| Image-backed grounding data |

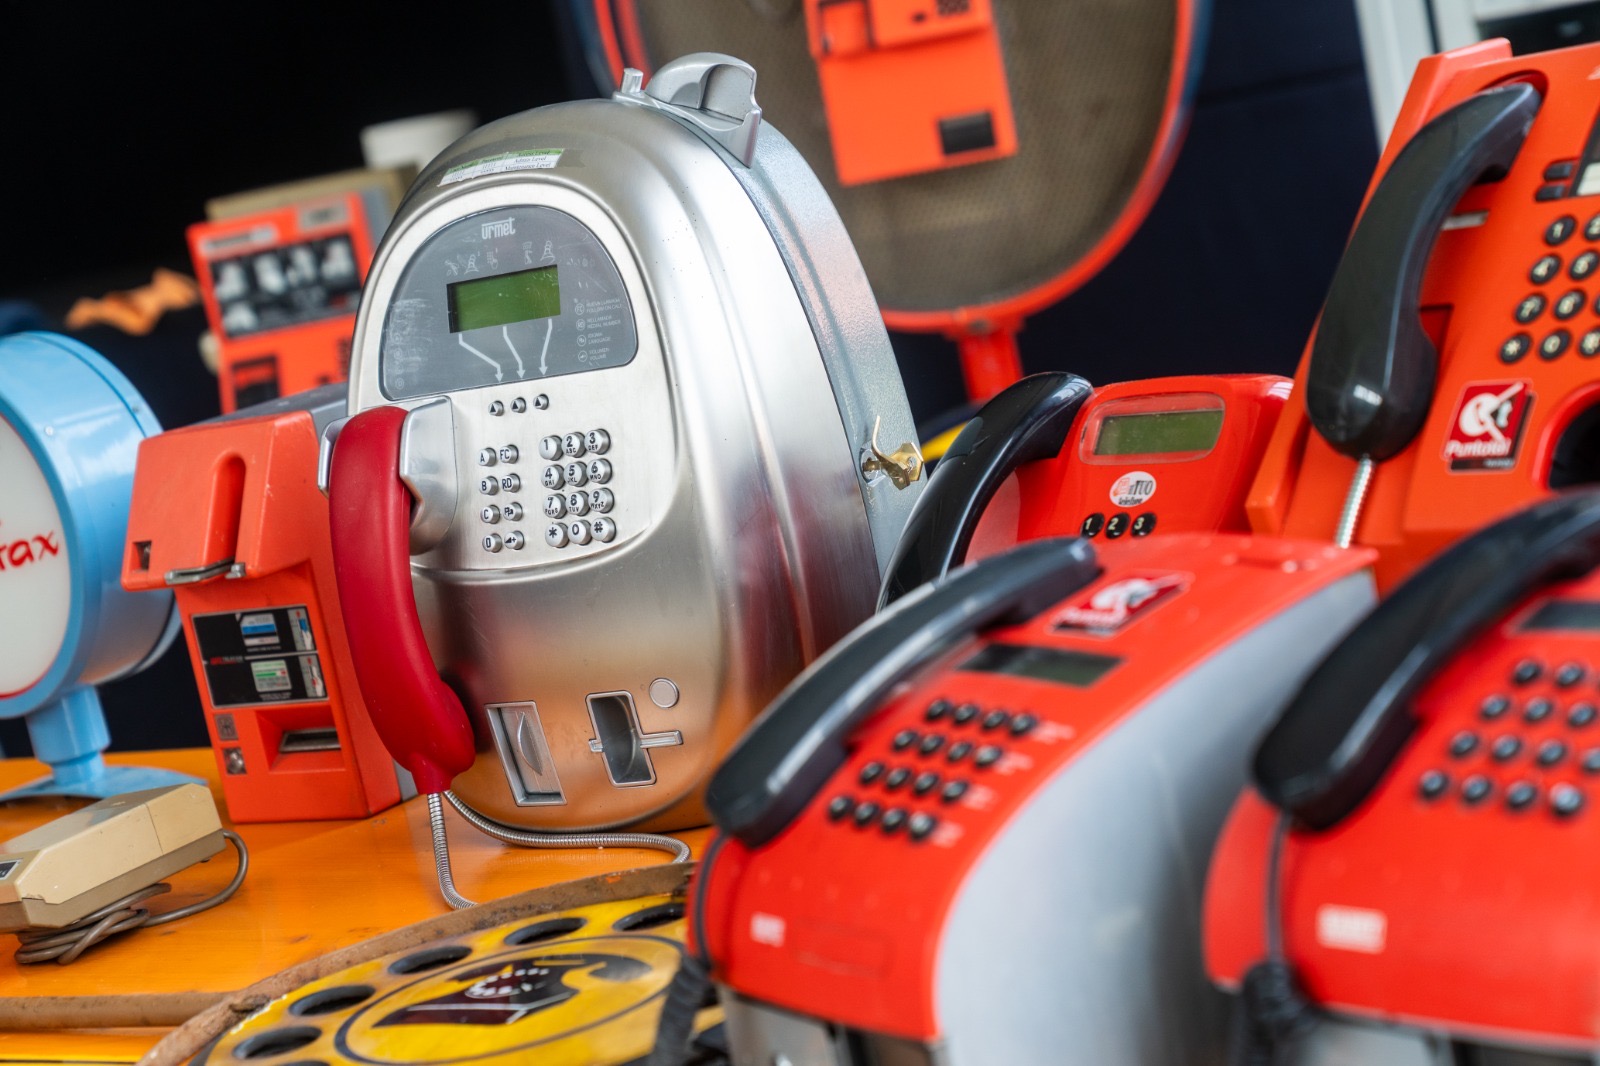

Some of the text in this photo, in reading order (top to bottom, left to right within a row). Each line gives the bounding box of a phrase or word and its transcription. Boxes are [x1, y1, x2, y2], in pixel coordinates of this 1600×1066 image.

[481, 217, 516, 240] urmet
[544, 432, 596, 450] 1 2 3
[480, 450, 510, 462] A FC
[545, 462, 598, 479] 4 5 6
[481, 478, 512, 491] B RD
[548, 491, 599, 508] 7 8 9
[483, 510, 489, 520] C
[572, 522, 603, 535] 0 #
[1085, 518, 1144, 530] 1 2 3
[486, 537, 491, 548] D
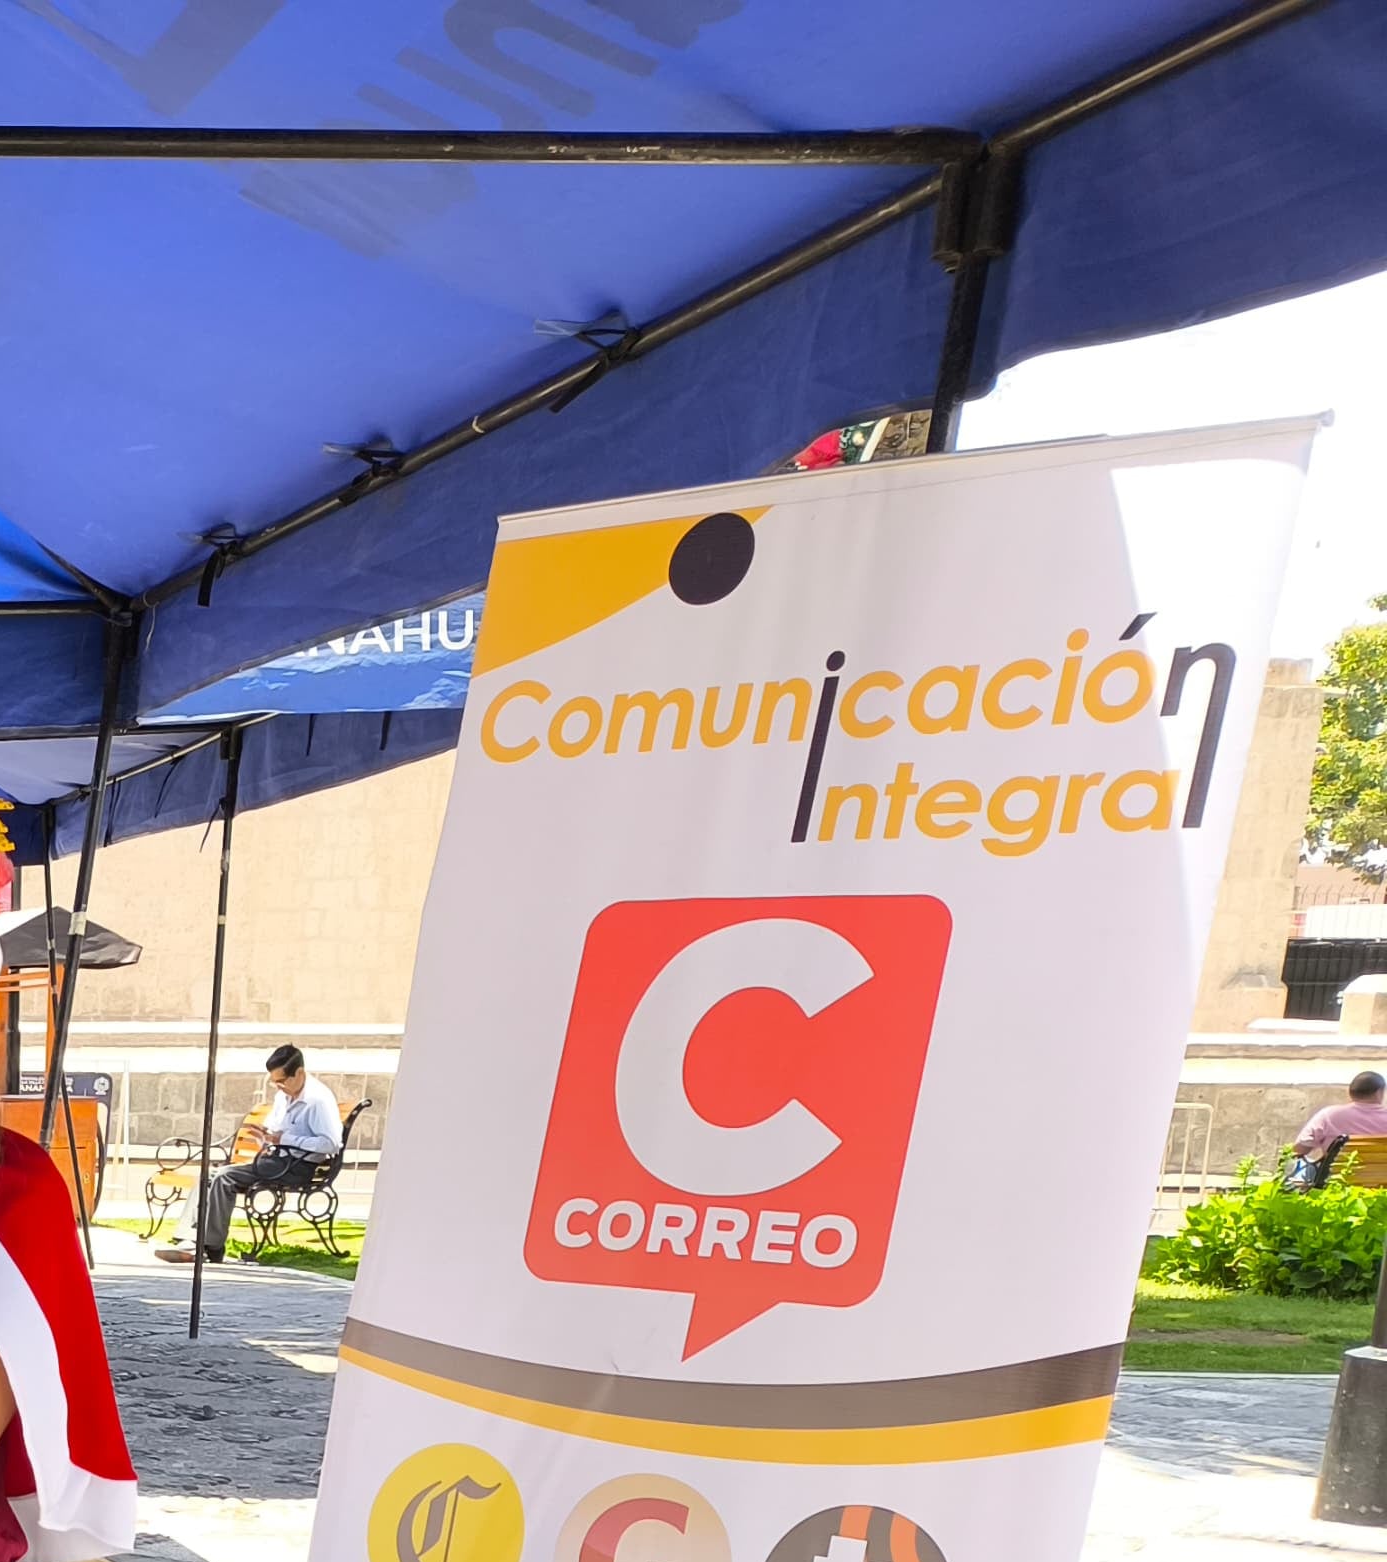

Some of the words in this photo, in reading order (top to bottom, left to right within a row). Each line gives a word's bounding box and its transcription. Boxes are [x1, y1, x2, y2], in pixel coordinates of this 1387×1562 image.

[480, 612, 1237, 810] Comunicación
[615, 917, 875, 1197] C
[553, 1196, 859, 1268] CORREO

| Problem |
The lines from the one containing "Some of the words" through the last line of the records are to be transcribed exactly, with nothing else added.

| Task output |
Some of the words in this photo, in reading order (top to bottom, left to right within a row). Each line gives a word's bounding box and its transcription. Boxes are [x1, y1, x2, y2], in pixel coordinates of this 1387×1562 image.

[480, 612, 1237, 810] Comunicación
[615, 917, 875, 1197] C
[553, 1196, 859, 1268] CORREO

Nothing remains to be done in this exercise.